Athol Fugard was very important for me in the early days. In 1988, I produced “Statements After an Arrest Under the Immorality Act,” which is about a white librarian and a Black schoolteacher falling in love. And the play is done in the nude, 90 percent of it. That was very daring at the time.
Do you think it could be done now?
I don’t know. That’s a question. I do want to mention Paula Vogel. She’s an amazing, generous artist who takes care of her colleagues.
I had commissioned her to do a play, and she was doing a workshop, and I had to participate. I was terrified because my English is so bad. She said, “You can just write characters the way you speak.” Easy, right? [Laughs] She was constantly on me and said, “You have to keep writing.” So I did. Another person who was very helpful was Stew [of the musical “Passing Strange”]. He was my boyfriend for a moment, about six years ago. Like Paula, he encourages people to try things out and not to be afraid.

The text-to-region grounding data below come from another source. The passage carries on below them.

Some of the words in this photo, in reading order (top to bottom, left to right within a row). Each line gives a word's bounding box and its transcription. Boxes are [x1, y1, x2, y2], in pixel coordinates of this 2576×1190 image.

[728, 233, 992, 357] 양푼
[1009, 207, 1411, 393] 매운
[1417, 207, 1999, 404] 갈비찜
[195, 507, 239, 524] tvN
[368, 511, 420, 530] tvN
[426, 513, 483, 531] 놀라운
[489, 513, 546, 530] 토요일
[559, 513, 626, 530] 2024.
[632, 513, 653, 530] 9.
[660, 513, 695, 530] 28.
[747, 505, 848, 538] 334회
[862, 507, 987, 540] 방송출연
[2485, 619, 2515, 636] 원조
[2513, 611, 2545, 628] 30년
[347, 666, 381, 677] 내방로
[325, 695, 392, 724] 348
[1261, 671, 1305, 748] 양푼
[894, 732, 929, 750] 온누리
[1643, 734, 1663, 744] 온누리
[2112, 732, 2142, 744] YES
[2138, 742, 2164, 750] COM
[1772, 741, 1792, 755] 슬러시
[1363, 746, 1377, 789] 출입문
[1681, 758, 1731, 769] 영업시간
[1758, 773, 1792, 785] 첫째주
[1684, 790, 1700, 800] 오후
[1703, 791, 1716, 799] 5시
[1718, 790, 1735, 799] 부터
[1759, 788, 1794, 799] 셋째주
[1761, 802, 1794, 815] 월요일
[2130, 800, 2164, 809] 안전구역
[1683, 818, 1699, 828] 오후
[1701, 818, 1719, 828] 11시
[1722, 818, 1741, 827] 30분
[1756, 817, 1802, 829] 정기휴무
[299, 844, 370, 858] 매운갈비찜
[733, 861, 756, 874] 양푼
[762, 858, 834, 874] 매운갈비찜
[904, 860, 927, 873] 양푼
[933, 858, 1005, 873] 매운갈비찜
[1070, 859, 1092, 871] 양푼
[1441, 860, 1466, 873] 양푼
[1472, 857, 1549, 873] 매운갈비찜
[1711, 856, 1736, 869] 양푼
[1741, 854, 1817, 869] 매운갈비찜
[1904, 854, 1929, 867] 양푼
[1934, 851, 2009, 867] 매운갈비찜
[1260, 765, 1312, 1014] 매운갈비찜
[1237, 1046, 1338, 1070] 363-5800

What do you think are some of the biggest challenges facing American theater?
In American theater, the people who are actually creating the work are the only people who are freelancers. How do you run theaters when you are surrounded by administrative staff only? Once foundations are away from the scene, you start pushing toward rich individuals. They can be great people, they can really love you — but something can happen in their life, and they move on. Because of this need to get money from so many different sources, you have to make people feel good; you have to do great parties. So your administrative staff is growing, and you are putting money there instead of into the art.
You came of age with avant-garde theater, and at the Wilma you never stopped pushing the intellectual and aesthetic envelope. That’s not the easiest sell.
The Wilma has been quite progressive in terms of programming, but it was very difficult for us to retain audiences. In America we are now in the grip of consumerism, where an audience wants theater to be exactly “the way I feel it, the way I want it, and if it’s not that I don’t like it and I will never come back again.” That is a very difficult situation to be in. The only reason I want to do theater is an exploration of life. Entertainment is part of life, but I don’t want the theater to be any escape from reality. Reality is beautiful, and there are multitudes of possibilities. But this consumerism and narcissism I find in American audiences at this time is really detrimental to the theater culture.